Task requirements
Output only the span of lines that begins at the line containing "Some of the text" and ends at the last line of the data, both included, exactly as they appear.

[Saved entries]

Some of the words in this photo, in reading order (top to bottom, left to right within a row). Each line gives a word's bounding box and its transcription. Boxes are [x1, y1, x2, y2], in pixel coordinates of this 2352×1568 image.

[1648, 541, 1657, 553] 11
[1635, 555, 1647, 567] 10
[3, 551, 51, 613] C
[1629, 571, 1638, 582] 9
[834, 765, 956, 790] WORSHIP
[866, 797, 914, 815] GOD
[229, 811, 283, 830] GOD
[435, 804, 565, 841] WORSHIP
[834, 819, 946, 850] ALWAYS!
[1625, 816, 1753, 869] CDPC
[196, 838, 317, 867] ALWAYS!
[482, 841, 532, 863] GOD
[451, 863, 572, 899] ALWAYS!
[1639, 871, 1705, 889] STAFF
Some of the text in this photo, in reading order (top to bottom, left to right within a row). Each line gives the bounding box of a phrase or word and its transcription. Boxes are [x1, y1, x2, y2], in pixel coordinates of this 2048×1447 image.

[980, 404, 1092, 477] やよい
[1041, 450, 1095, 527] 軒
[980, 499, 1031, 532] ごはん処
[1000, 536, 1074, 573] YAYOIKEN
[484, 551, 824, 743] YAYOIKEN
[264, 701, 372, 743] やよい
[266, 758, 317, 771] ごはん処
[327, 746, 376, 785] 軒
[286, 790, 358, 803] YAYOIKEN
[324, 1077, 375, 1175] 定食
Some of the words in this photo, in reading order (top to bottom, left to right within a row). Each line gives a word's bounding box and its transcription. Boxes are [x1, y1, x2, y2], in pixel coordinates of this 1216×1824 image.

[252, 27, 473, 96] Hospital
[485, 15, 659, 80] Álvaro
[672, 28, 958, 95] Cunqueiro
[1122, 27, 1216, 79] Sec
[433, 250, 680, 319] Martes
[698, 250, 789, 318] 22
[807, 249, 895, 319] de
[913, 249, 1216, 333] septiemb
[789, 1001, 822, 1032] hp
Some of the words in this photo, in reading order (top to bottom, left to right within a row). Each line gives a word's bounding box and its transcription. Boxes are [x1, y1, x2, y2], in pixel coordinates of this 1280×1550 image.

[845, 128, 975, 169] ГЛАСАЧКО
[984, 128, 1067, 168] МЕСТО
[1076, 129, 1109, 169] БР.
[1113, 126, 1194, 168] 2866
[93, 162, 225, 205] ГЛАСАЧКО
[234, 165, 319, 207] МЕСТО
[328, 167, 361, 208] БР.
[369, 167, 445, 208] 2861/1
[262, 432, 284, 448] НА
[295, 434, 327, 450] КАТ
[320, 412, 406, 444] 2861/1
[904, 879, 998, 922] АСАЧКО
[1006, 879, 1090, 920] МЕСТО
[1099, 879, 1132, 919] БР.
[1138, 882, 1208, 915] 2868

Output of the exercise
Some of the text in this photo, in reading order (top to bottom, left to right within a row). Each line gives the bounding box of a phrase or word and its transcription. Boxes are [x1, y1, x2, y2], in pixel coordinates of this 2048×1447 image.

[980, 404, 1092, 477] やよい
[1041, 450, 1095, 527] 軒
[980, 499, 1031, 532] ごはん処
[1000, 536, 1074, 573] YAYOIKEN
[484, 551, 824, 743] YAYOIKEN
[264, 701, 372, 743] やよい
[266, 758, 317, 771] ごはん処
[327, 746, 376, 785] 軒
[286, 790, 358, 803] YAYOIKEN
[324, 1077, 375, 1175] 定食
Some of the words in this photo, in reading order (top to bottom, left to right within a row). Each line gives a word's bounding box and its transcription. Boxes are [x1, y1, x2, y2], in pixel coordinates of this 1216×1824 image.

[252, 27, 473, 96] Hospital
[485, 15, 659, 80] Álvaro
[672, 28, 958, 95] Cunqueiro
[1122, 27, 1216, 79] Sec
[433, 250, 680, 319] Martes
[698, 250, 789, 318] 22
[807, 249, 895, 319] de
[913, 249, 1216, 333] septiemb
[789, 1001, 822, 1032] hp
Some of the words in this photo, in reading order (top to bottom, left to right within a row). Each line gives a word's bounding box and its transcription. Boxes are [x1, y1, x2, y2], in pixel coordinates of this 1280×1550 image.

[845, 128, 975, 169] ГЛАСАЧКО
[984, 128, 1067, 168] МЕСТО
[1076, 129, 1109, 169] БР.
[1113, 126, 1194, 168] 2866
[93, 162, 225, 205] ГЛАСАЧКО
[234, 165, 319, 207] МЕСТО
[328, 167, 361, 208] БР.
[369, 167, 445, 208] 2861/1
[262, 432, 284, 448] НА
[295, 434, 327, 450] КАТ
[320, 412, 406, 444] 2861/1
[904, 879, 998, 922] АСАЧКО
[1006, 879, 1090, 920] МЕСТО
[1099, 879, 1132, 919] БР.
[1138, 882, 1208, 915] 2868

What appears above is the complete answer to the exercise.